Court Opinion

ID: 3669380
Source: CourtListenerOpinion
Date Created: 2016-07-06 06:18:22.889463+00
Date Added: 2024-06-11T14:24:00.304887
License: Public Domain

The bill was filed in August, 1843, and prays the payment of a lost bond. It states that previous to December, 1836, the defendant was indebted to the plaintiff in the sum of $60, and, for the purpose of securing the same, executed to the plaintiff a bond for that sum, with another person as his    (382) surety, who has removed from this State. The bill states, that the plaintiff is unable to remember the date of the bond, or who was the subscribing witness to it; but it avers that it was payable on some day in December, 1836. The bill further states, that in 1839, the plaintiff lost his pocketbook, which contained that bond and several others, and that he has never been able to recover this or any other of those papers; but that they are certainly lost: That the plaintiff never received from the defendant, nor the other obligor, nor any other person, payment of the debt, or any part of it, but that the whole sum, together with interest thereon, is due to him: And, after a tender of indemnity, the bill prays payment.

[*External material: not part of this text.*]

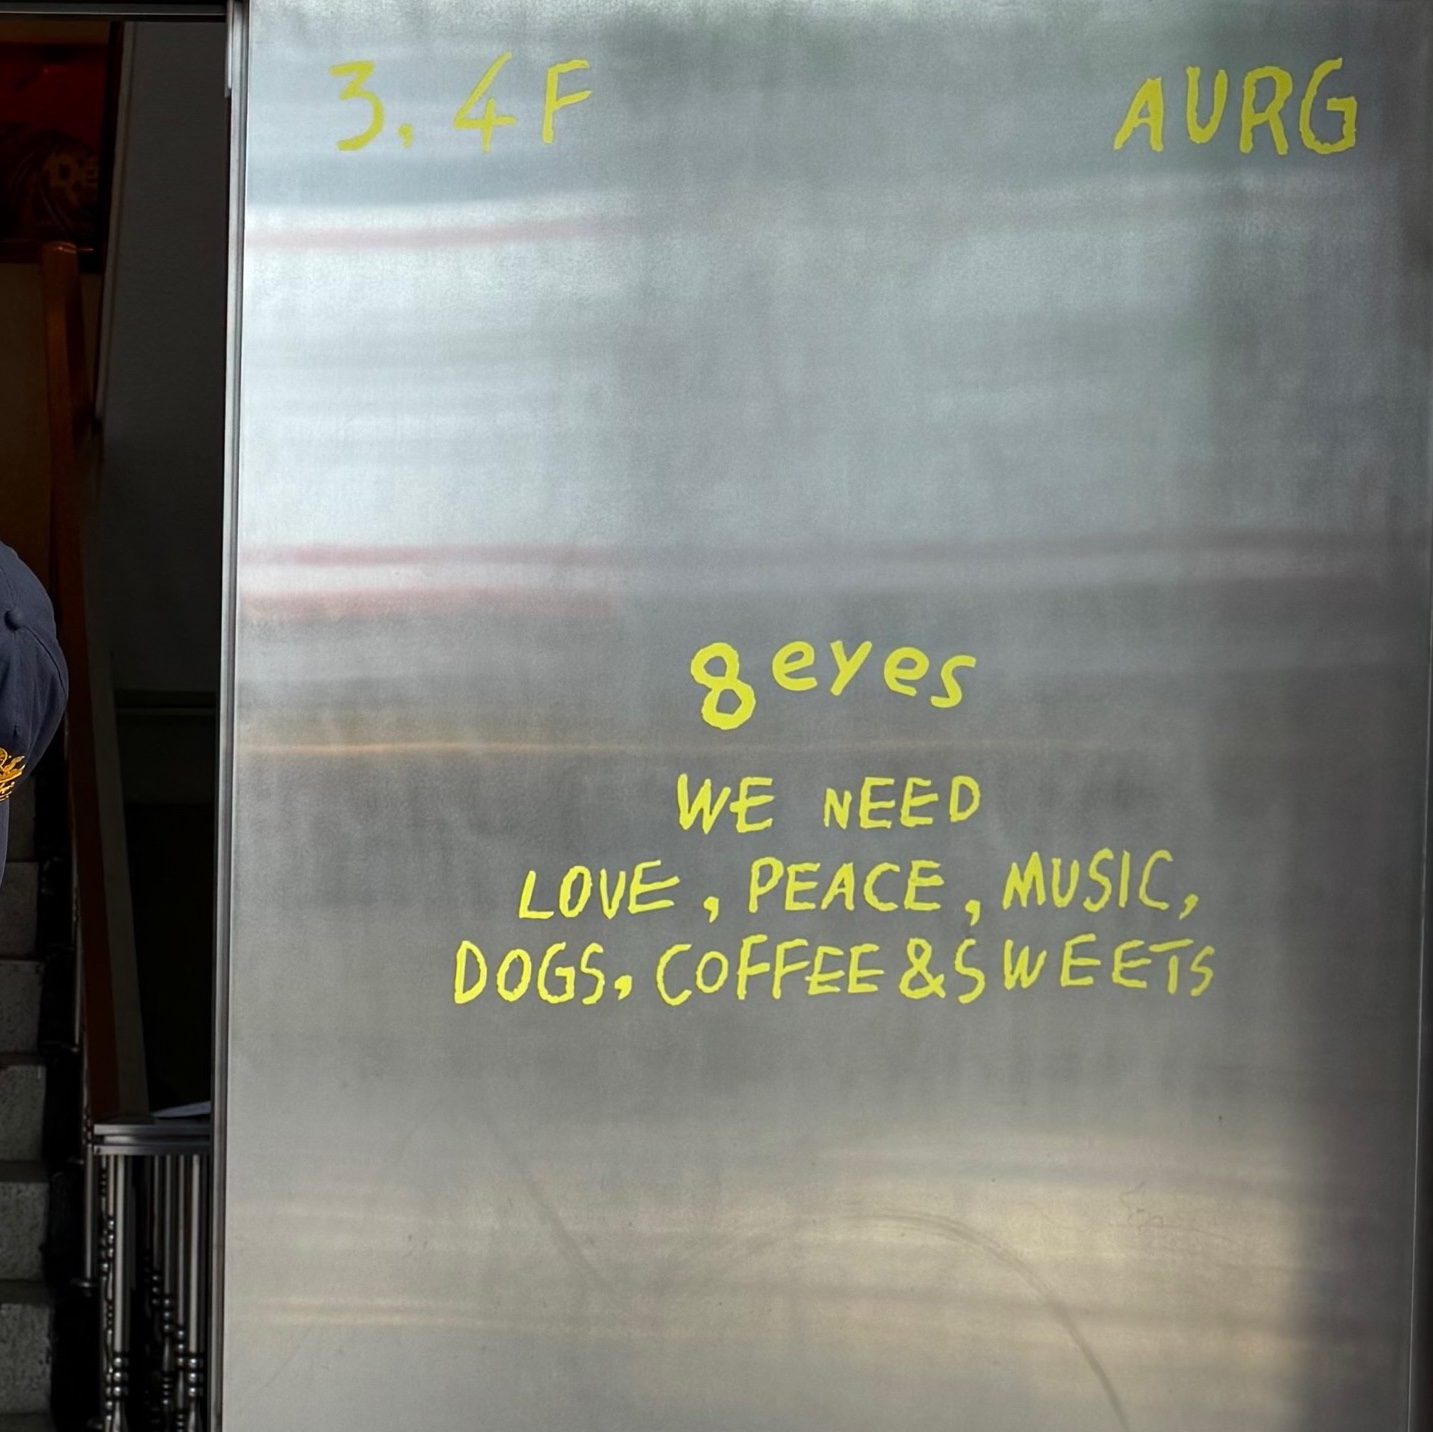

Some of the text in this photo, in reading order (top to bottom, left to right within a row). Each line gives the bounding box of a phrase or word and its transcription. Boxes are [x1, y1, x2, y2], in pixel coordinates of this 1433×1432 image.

[1114, 57, 1358, 156] AURG
[675, 772, 983, 835] WE NEED
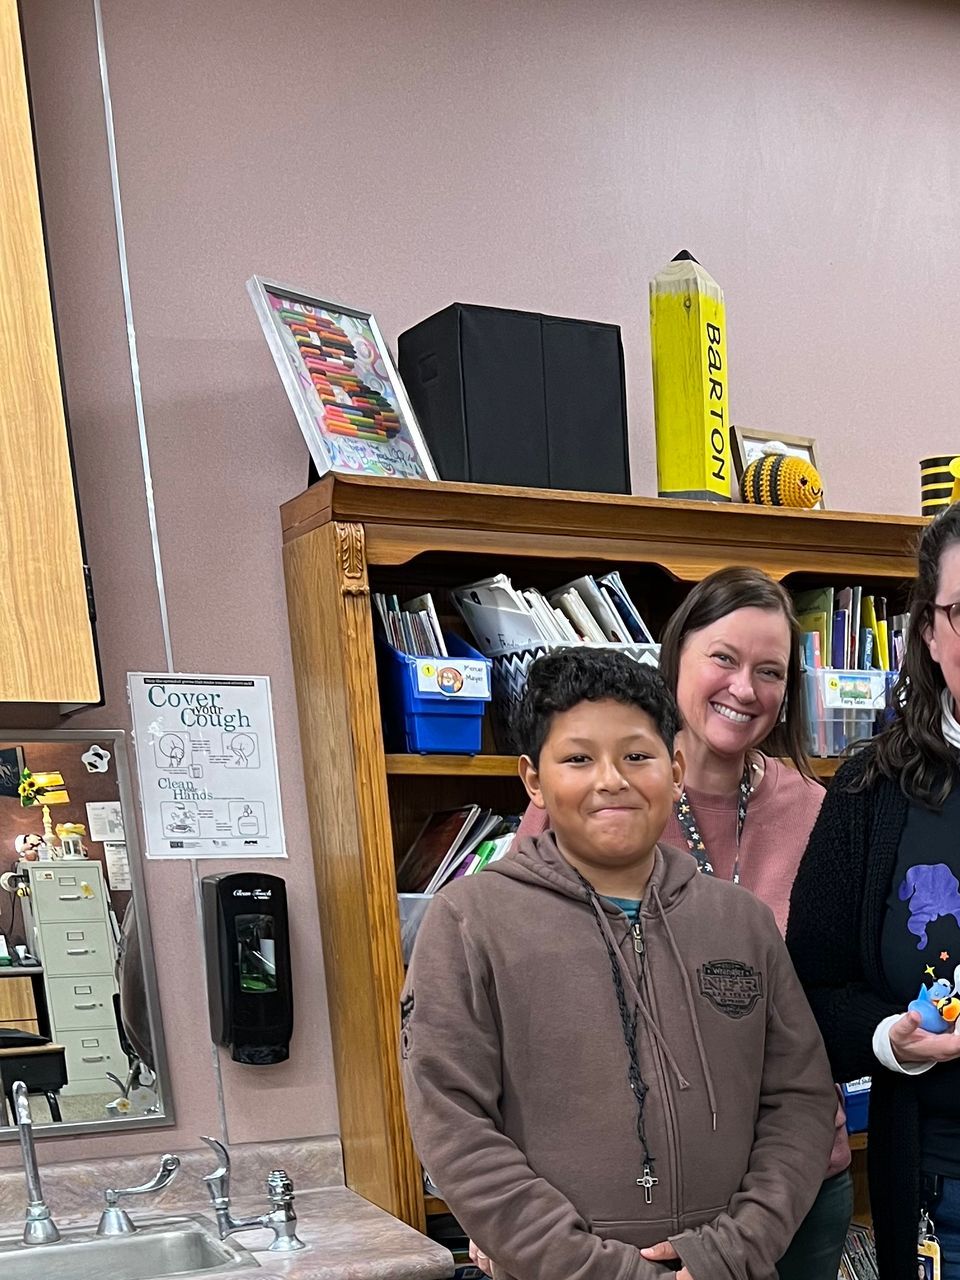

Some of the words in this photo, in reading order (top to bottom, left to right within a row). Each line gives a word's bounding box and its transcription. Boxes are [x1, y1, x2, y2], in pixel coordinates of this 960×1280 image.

The bill is verified by the affidavit of the plaintiff.
The answer denies, that the defendant ever gave the plaintiff a bond by himself, or with any other person, for the sum of $60, or any other sum, during the year 1836, or any subsequent period; and it avers that the defendant paid every debt *Page 296 
which he had contracted to the plaintiff at any time before 1836.
There is evidence that, in January, 1836, the plaintiff held a bond of the defendant to him for $100, which the defendant paid and took up; and there is no evidence of subsequent dealings between them. But a son of the plaintiff states, that in 1842 or 1843, in a conversation with the witness respecting the bonds of some other persons, which the plaintiff had stated he had lost, the defendant remarked, "your father had a note against me for about sixty dollars, and it is gone as well as the rest; and I am not willing to pay it, unless it be produced." The wife of the last witness states, that, about the same period, she heard a conversation between the plaintiff's wife and the defendant, in the course of which the former said, "I have no harm against you, Mr. Meacham, if you would pay my husband the money you borrowed of him"; and he replied: (383) "Well, if he will bring me my note, I will pay him; but he has lost my note, and I do not want to pay it twice." The witness states, that she knew nothing of the debt, and that neither of the other persons mentioned what money was alluded to, nor what sum was due or alleged to be due from the defendant.

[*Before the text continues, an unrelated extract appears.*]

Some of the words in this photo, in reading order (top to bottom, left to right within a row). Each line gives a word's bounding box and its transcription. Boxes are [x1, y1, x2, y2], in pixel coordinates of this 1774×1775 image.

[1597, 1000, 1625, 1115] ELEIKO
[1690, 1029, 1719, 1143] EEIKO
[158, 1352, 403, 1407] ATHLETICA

The evidence is not sufficient to authorize a decree for the plaintiff, in opposition to the answer, which peremptorily denies the execution of any such bond, or the existence of any debt whatever. Without stopping to consider, whether any proof of the loss of the bond is necessary upon the hearing, and admitting some to be requisite, it seems pretty certain, that very slight evidence answers on that point; and we should be satisfied with that before us, supposing it, however, to be first admitted or established, that the bond once actually subsisted, which it is alleged has been lost. Upon that question there is nothing in the nature of the jurisdiction of a court of equity, when the answer denies that there was a bond, to dispense with the degree of proof, which a court of law would call for, to be laid before a jury on non est factum pleaded to a declaration on a lost bond. As the declaration would have to aver the sealing of the obligation, and identify it by its date, day of payment, and the sum mentioned in it, so the proof would have to come up to that description. Upon evidence so vague as not to fix any date, day of payment, or certain sum mentioned in it, and leaving it doubtful whether the *Page 297 
instrument was a bond or note, a verdict could not be expected for the plaintiff on such declaration. Much less can a decree here, since the defendant's answer is by the rules of equity evidence for him. Here no date or day of payment is specified by either witness. One of them is unable to mention any sum, as acknowledged or claimed; and both call          (384) the instrument a note, instead of a bond. The plaintiff's son says, indeed, that the defendant admitted the amount to be "about sixty dollars." That is the only evidence to the fact. It is possible, perhaps probable, that the plaintiff had the defendant's note for that amount, and we rather believe that he had a bond or note for some amount; but the Court can not declare that to be the fact in a decree, upon so vague a statement from one witness, in opposition to the positive oath of the defendant, especially when the bill states that another person executed the instrument as a surety, and the plaintiff has not called for an answer from that person by making him a defendant, nor attempted to examine him as a witness. Under such circumstances the Court is obliged to declare, that the plaintiff has not established, that the defendant executed to him a bond for the sum of $60, payable in December, 1836, as alleged by him; and therefore his bill must be dismissed. But the Court does not deem it a proper case for costs.
PER CURIAM.                              BILL DISMISSED.